Arnd Bergmann arnd at arndb.de
Wed Feb 13 16:10:54 EST 2013


On Wednesday 13 February 2013, Jason Gunthorpe wrote:
> On Wed, Feb 13, 2013 at 06:53:14PM +0000, Arnd Bergmann wrote:
> 
> > > The standard answer is to leave appropriate gaps. My *guess* on this
> > > matter is that on x86 the gaps are left, as appropriate, by the boot
> > > firmware. Eg an ExpressCard slot will always have a window assigned to
> > > its bridge and Linux would typically not reassign it (or similar).
> > > 
> > > PCI core support for firmware-less embedded will someday need to do
> > > something similar, eg via a special DT attribute on hot plug capable
> > > ports.
> > 
> > I saw that the PCI core reserves 2MB memory space and 256 bytes of
> > I/O space per hotplug capable bridge by default, and you can
> > override
> 
> Haven't looked at how it determines what is hot plug
> capable.. Technically every PCI-E port is hot plug capable, it really
> depends on the specific board if a port can actually be hot plugged or
> not - so maybe that is what gets set in DT?

The "is_hotplug_bridge" flag that determines this gets set for PCIe
bridges with the PCI_EXP_SLTCAP_HPC (hot plug capable) bit set in the
PCI_EXP_SLTCAP word.

> > these at boot time if you need more. I wonder if this means that
> > we end up using two of the precious address space windows for each
> > unused root port to already map these at boot time, and it certainly
> > works for most adapters, but this does not seem better than assigning
> > static windows of the same size at boot time for each port.
> 
> If the PCI core programs the decoder on the bridge, then it will
> consume a window - however if there is nothing behind the bridge then
> leaving the brdige window disabled, but reserving the memory region is
> a sensible thing to do.
>
> I'm not sure what the state of the PCI core is today on this point,
> but it could be altered..

The problem I see with the current implementation is that it reserves
a fixed size window and does not reassign the window of the bridge
itself, only the devices below it, at least if I am reading the
code correctly. I have not tried this myself.
 
> Also the host driver can check the link status before consuming a
> window, no link = no window.

Right, that works. Even if the link is up, it might require only
I/O or memory windows, rather than always using both. 

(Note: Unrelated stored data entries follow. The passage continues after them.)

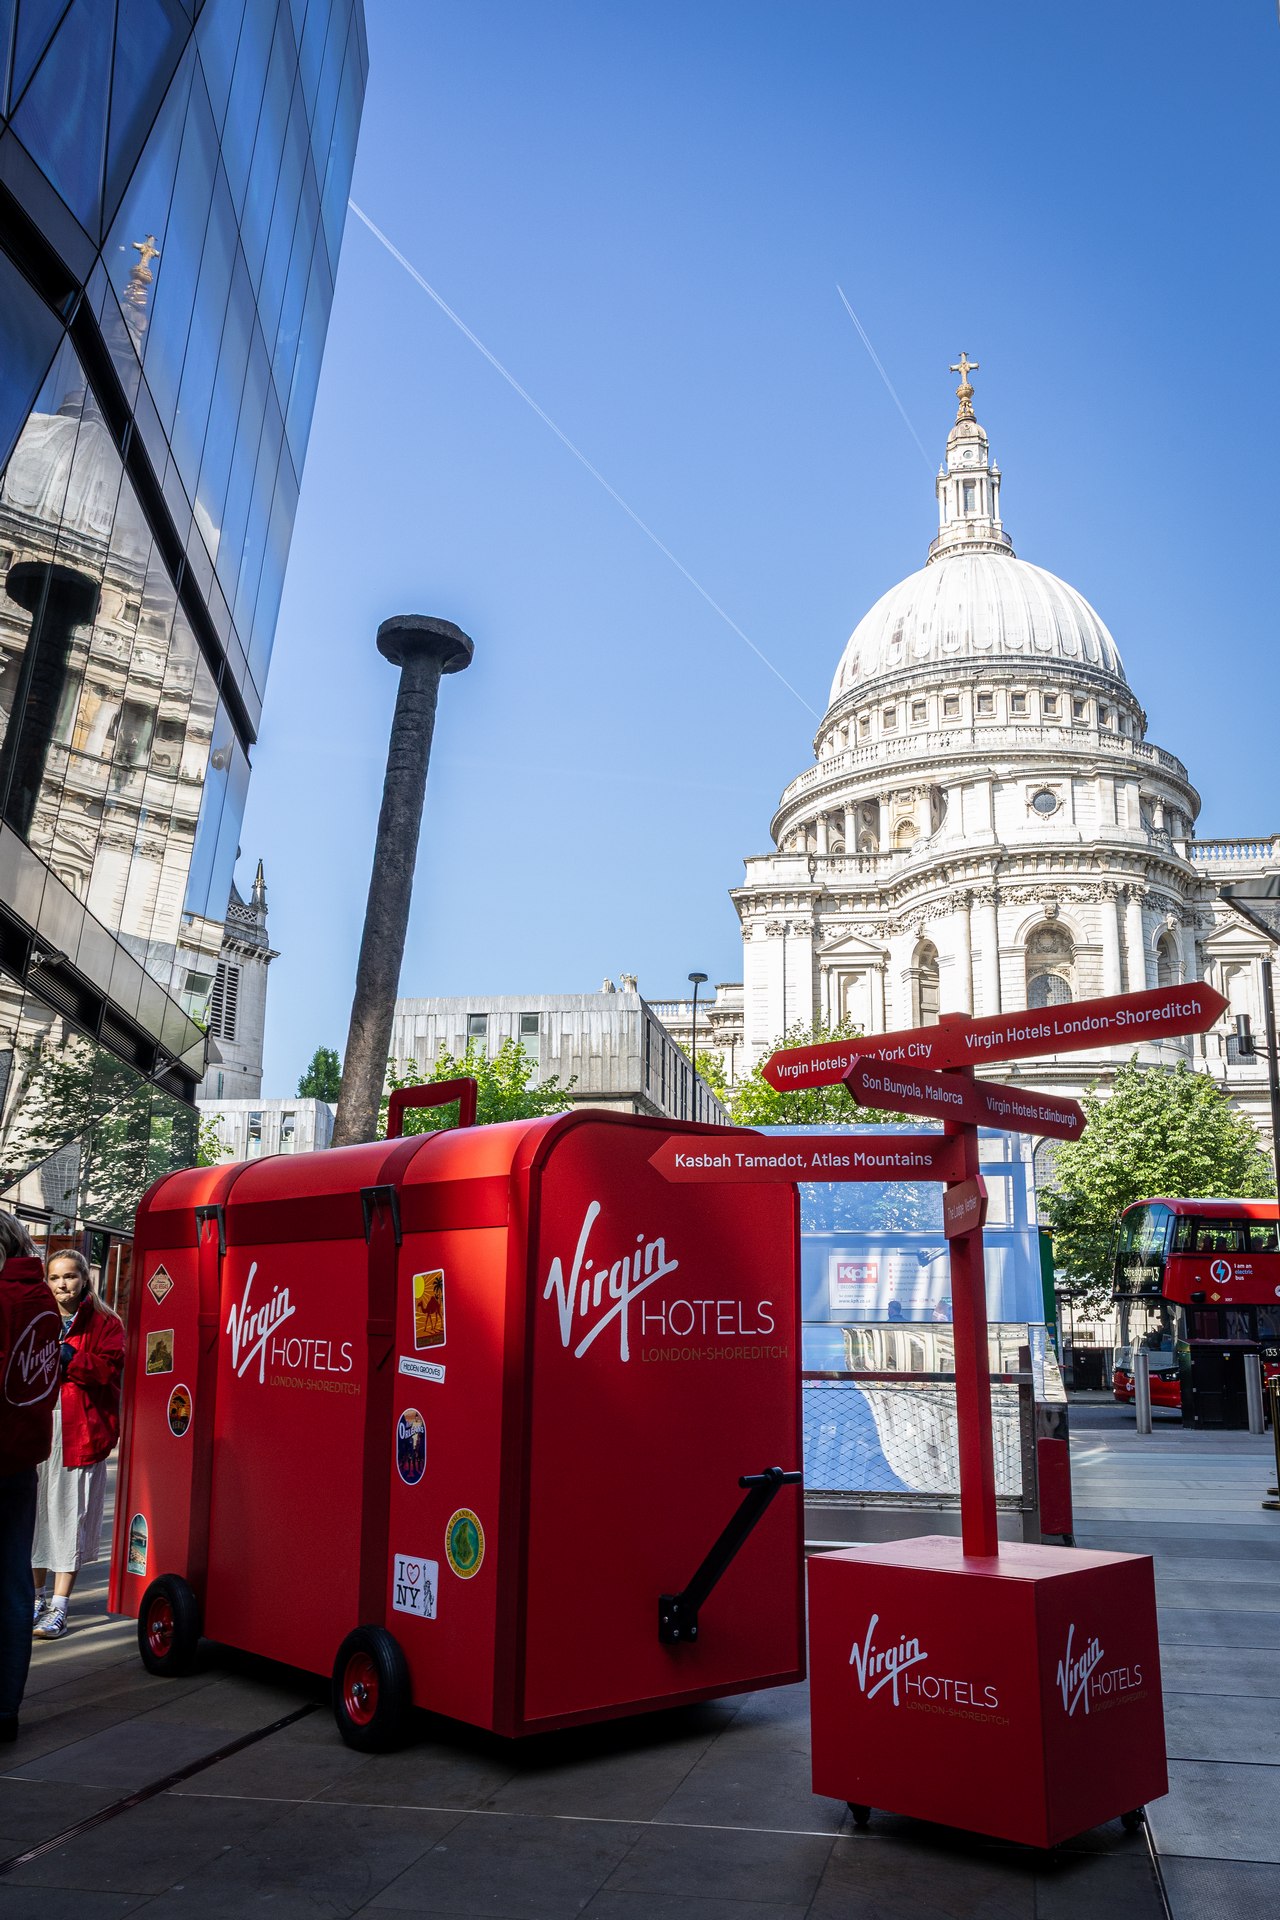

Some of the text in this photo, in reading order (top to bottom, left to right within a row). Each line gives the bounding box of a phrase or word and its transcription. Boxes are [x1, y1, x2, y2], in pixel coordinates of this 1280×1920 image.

[965, 999, 1201, 1049] Virgin Hotels London-Shoreditch
[776, 1063, 809, 1079] Virgin
[811, 1055, 847, 1072] Hotels
[878, 1046, 905, 1060] York
[907, 1043, 933, 1058] City
[862, 1073, 963, 1105] Son Bunyola, Mallorca
[986, 1096, 1078, 1128] Virgin Hotels Edinburgh
[674, 1151, 933, 1169] Kasbah Tamadot, Atlas Mountains
[543, 1200, 679, 1363] Virgin
[226, 1261, 296, 1385] Virgin
[641, 1299, 775, 1336] HOTELS
[17, 1329, 59, 1385] Virgin
[271, 1337, 353, 1373] HOTELS
[641, 1345, 788, 1363] LONDON-SHOREDITCH
[1265, 1348, 1278, 1357] 133
[270, 1375, 361, 1395] LONDON-SHOREDITCH
[403, 1362, 441, 1377] HIDDEN GROOVES
[398, 1561, 406, 1582] I
[396, 1584, 421, 1609] NY
[849, 1613, 928, 1706] Virgin
[1055, 1623, 1104, 1717] Virgin
[904, 1672, 999, 1709] HOTELS
[1091, 1664, 1143, 1697] HOTELS
[905, 1700, 1010, 1727] LONDON-SHOREDITCH
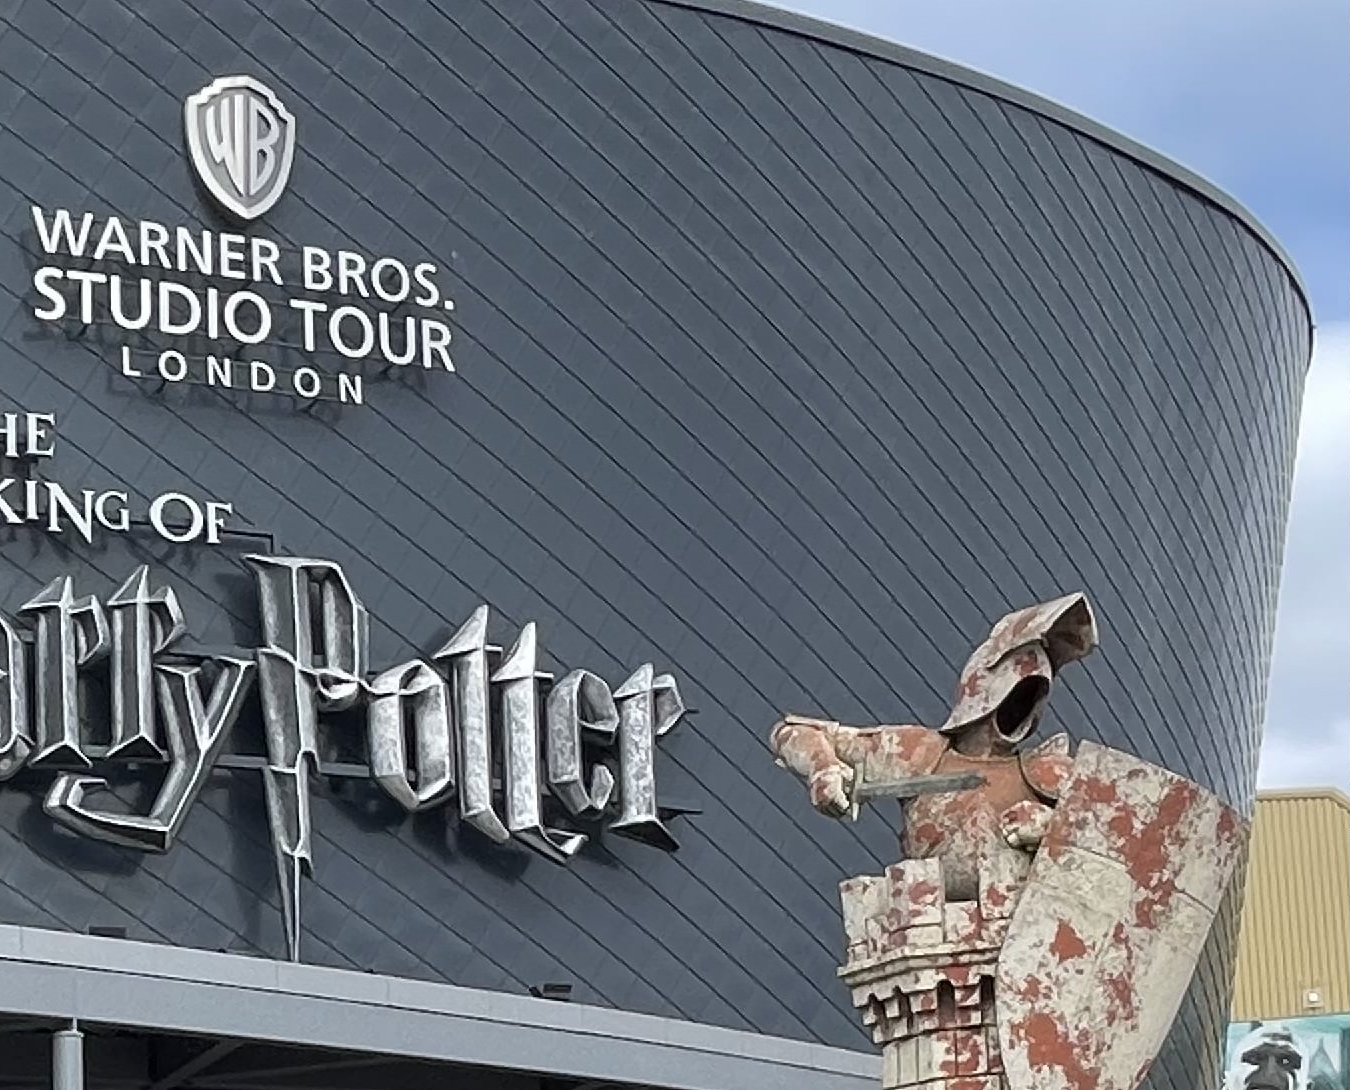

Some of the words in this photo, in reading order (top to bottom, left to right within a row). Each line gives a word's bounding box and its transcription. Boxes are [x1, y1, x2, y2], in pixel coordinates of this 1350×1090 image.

[203, 92, 282, 199] WB
[31, 205, 284, 286] WARNER
[302, 245, 455, 311] BROS.
[33, 266, 272, 345] STUDIO
[289, 298, 456, 372] TOUR
[121, 345, 364, 405] LONDON
[242, 554, 687, 962] Potter

> > > Just to circle back on this whole thread - Thomas's solution is pretty
> > > good, it covers pretty much all the use cases. I think it is a good
> > > place to start, and as the firmware-less 'drivers/pci/host' concept
> > > develops the right support will eventually come, as everyone is now
> > > aware of the need to control the host bridge aperture from the core
> > > PCI code.
> > 
> > I agree the solution is not all that bad, I just want to be convinced
> > that it actually has advantages over the simpler approaches.
> 
> Unfortunatelly my Marvell systems do not have oversubscribed mbus
> windows, so I can't really comment on this :( However I do use the
> hotplug capability in the current driver, so at least for me, it is
> important to not loose that when trying to solve the oversubcription.

One thing worth trying is probably to hack the driver to only use
a couple of the available windows and see what happens when you hotplug
one card into all the slots one at a time.